Beatty's star fell dramatically with time, however. Though 1981's Reds won him an Oscar, the movie flopped at the box office, as did Dick Tracy, Love Affair, Bugsy, and of course, Ishtar. Not so coincidentally, this fall from grace coincided with the new conservatism in America. Though Hollywood's writers, directors, and actors were still be on the liberal end of the political spectrum, the moneymen who really run the show remained firmly attached to the right. And in the '80s, the moneymen reined in the more left-wing projects.

Thus, it is a matter of supreme irony that 20th Century Fox, owned by Rupert Murdoch's News Corporation, should pay for Bulworth, a true throwback to 70's American political cinema in its unapologetic liberal ideals. It is also a blessing that Bulworth is not just a political tract, but a fine movie, one of the best of the year to date. Bulworth completes a troika of political satires that have been released in 1997 and 98. The first was Barry Levinson's Wag the Dog, a cynical (using Ambrose Bierce's definition of the word) examination of the news media and how they can be manipulated to create new realities. The second was Mike Nichols's Primary Colors, a film-a-clef on the corruption fostered by the American electoral system. Both films were very enjoyable and at times very funny, with some exceptional performances (Emma Thompson as "Hillary" was ferociously good). Both shared a common failure, however, in that the final act of both films featured a muddled change of tone. Wag the Dog went surreal, while Primary Colors became a solemn musing on morality. Bulworth does maintain a consistent focus, although the very end of the film is very puzzling. Compared to its two recent forbears, however, Bulworth's lack of steam at the end is only a slight disappointment: it is the best of the three films.

The film examines Senator Jay Bulworth (Beatty), an aging, middle-of-the-road California Democrat, a one-time liberal who has adopted the more shameless campaigning techniques of the Republican party.
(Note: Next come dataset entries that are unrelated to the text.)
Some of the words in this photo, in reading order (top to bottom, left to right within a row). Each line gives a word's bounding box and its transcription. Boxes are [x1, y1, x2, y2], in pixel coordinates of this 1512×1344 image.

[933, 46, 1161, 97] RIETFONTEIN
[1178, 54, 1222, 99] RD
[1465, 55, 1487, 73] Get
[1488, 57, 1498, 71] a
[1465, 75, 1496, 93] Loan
After an all-night viewing session of his own campaign commercials, unable to eat or sleep, the Senator arranges to have himself murdered. Suddenly freed by the knowledge that death is certain, he can do or say anything he feels like, whether insulting his minority constituents, dancing all night at a club in South Central LA, or attempting to seduce the lovely young Nina (Halle Berry), a mysterious lady who joins Bulworth's entourage, sucking at a lollipop like a Lolita for the 90's.

Gradually, Bulworth's message changes from mere bombast into a recapturing of his lost ideals of a quarter-century before. Though perhaps it is a bit far-fetched to believe that voters would so willingly accept true liberalism after the slightly-altered Republican ideas that have been a sorry substitute for liberalism the past two decades, it is fascinating to see a movie that wears those ideas so explicitly on its sleeve.
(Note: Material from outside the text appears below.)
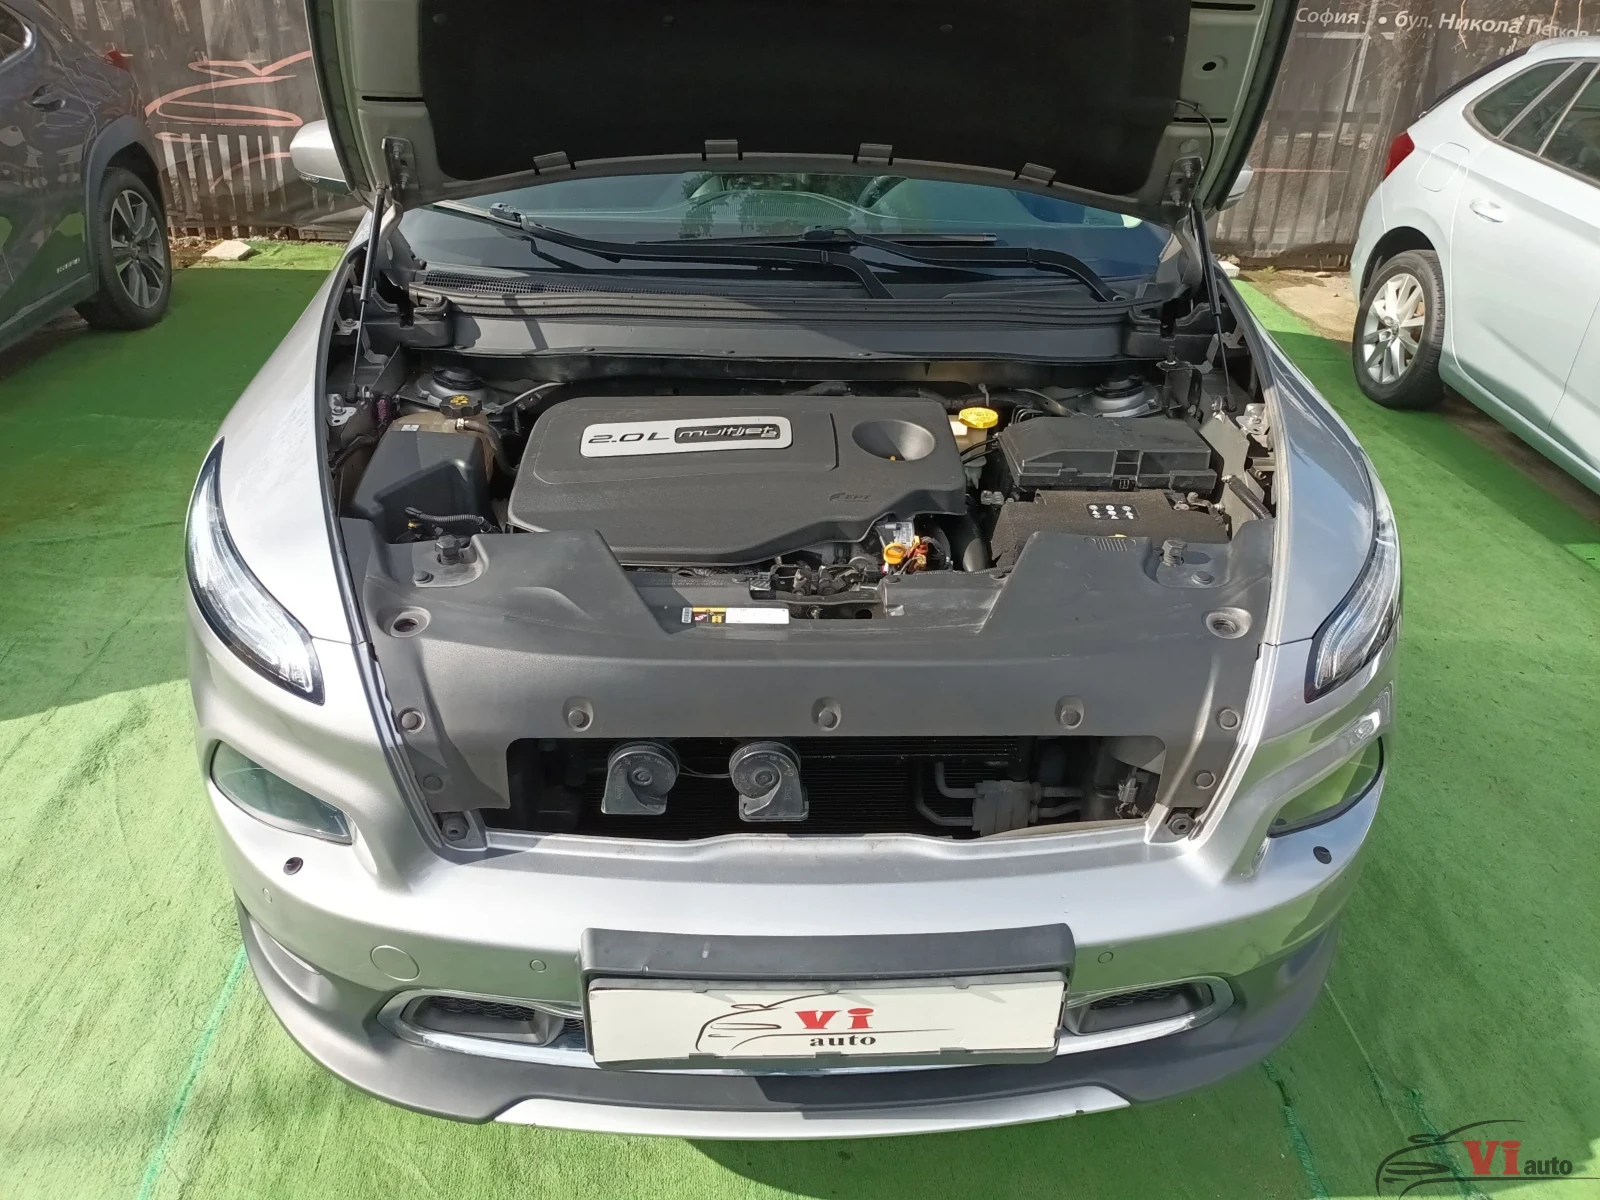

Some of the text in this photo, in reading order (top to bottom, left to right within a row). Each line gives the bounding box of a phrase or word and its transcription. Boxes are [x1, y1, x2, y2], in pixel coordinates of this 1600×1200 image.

[1394, 10, 1433, 32] бул.
[1438, 13, 1522, 35] Никола
[794, 1007, 874, 1030] Vi
[809, 1034, 877, 1047] auto
Though Bulworth's staff (including Oliver Platt as a Stephanopoulos-esque worrier) thinks that the old man has gone 'round the bend, they cannot deny that he seems to be onto something. Bulworth himself finally recovers his appetite, and after entering the ghetto and putting on a hip-hop persona (not as grotesque as it sounds), finally learns to sleep again. Although I didn't think the ending was ideal, it certainly did feel like a 70's-movie style ending.

Perhaps the main problem with the film is that, other than Bulworth himself, all the actors in the film seem to be playing abstractions rather than characters, especially Amiri Baraka (a.k.a. LeRoi Jones, the writer of Dutchman) as a poetic homeless man. Beatty, however, is marvelous as the senator who is aging badly, coming to grips with the fact that his life is a hollow lie, but proceeds to seize the day when he believes he is about to die.

Beatty is saying that all is not well in America, and neither political party, as presently constituted, can save us. Agree with that statement or not, the movie is still a fascinating fantasia on themes from the sixties and seventies, resurrected in our own times.